Dans un entrepôt, un hall commercial, un atelier ou un atrium, cette logique est essentielle. Sans écran, la fumée peut se répandre latéralement sur de grandes distances. Avec des cantons correctement délimités, elle reste concentrée dans une zone où les organes de désenfumage peuvent agir plus efficacement. Le volume reste plus lisible et la progression des fumées est mieux maîtrisée.
Rôle en cas d’incendie : contenir les fumées pour gagner du temps utile
Les fumées représentent un danger majeur. Elles réduisent la visibilité, provoquent l’asphyxie par manque d’oxygène, transportent des gaz de combustion et peuvent causer des brûlures par leur température. Un écran de cantonnement sert d’abord à ralentir cette dégradation de l’environnement intérieur.
Instruction technique 246 : Désenfumage et sécurité incendie en ERP — Consultez les normes officielles concernant l’installation d’écrans de cantonnement pour limiter la propagation des fumées dans les établissements recevant du public.
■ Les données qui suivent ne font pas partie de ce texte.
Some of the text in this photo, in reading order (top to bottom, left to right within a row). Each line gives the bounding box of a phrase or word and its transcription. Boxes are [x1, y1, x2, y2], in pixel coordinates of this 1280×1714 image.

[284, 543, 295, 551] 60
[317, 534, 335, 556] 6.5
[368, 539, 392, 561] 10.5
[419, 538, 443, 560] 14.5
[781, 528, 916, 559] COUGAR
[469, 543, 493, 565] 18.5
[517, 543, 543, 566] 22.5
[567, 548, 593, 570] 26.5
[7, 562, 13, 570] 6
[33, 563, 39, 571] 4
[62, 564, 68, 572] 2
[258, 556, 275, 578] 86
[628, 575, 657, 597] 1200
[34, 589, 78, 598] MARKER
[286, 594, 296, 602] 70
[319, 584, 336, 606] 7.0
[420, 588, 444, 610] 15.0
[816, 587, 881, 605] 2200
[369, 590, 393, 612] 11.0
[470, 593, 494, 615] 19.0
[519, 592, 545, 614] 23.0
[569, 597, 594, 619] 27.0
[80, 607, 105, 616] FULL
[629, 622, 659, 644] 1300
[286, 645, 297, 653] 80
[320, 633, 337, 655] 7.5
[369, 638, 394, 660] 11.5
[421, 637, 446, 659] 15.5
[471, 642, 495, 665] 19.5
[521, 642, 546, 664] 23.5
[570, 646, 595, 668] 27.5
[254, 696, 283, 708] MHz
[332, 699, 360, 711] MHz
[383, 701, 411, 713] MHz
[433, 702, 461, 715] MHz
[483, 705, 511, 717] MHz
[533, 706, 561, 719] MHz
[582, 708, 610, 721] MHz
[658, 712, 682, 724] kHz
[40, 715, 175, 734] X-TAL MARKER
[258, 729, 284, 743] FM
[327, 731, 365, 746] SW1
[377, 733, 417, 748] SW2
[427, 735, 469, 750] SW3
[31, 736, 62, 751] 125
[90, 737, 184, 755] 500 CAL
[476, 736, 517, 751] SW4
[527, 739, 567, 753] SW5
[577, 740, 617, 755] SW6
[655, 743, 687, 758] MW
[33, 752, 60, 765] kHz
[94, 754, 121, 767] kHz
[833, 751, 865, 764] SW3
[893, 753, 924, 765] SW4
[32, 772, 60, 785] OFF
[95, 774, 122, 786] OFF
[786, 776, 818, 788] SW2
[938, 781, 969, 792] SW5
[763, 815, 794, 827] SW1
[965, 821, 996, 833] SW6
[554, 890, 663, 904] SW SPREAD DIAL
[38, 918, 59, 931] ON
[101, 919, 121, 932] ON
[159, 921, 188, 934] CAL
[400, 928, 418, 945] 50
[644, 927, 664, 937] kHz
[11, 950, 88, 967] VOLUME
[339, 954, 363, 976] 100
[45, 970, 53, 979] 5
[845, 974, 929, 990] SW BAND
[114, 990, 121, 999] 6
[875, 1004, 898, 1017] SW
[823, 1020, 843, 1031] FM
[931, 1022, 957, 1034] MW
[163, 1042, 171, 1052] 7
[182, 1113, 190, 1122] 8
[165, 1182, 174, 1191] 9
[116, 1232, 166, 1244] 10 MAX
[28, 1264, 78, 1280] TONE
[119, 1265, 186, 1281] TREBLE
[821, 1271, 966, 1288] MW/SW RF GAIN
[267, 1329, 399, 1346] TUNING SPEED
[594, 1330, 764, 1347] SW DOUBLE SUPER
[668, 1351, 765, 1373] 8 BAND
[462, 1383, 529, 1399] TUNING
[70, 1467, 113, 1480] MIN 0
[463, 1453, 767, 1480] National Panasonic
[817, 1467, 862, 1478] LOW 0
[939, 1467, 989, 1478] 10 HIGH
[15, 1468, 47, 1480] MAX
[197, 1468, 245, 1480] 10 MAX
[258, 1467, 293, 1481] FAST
Son intérêt se voit dans les premières minutes d’un sinistre. En limitant la propagation latérale des fumées, il contribue à maintenir des zones plus lisibles pour les occupants, facilite le repérage des issues et donne aux secours une meilleure lecture du foyer. Dans les bâtiments de grande hauteur sous plafond ou de grande surface, ce temps gagné compte vraiment.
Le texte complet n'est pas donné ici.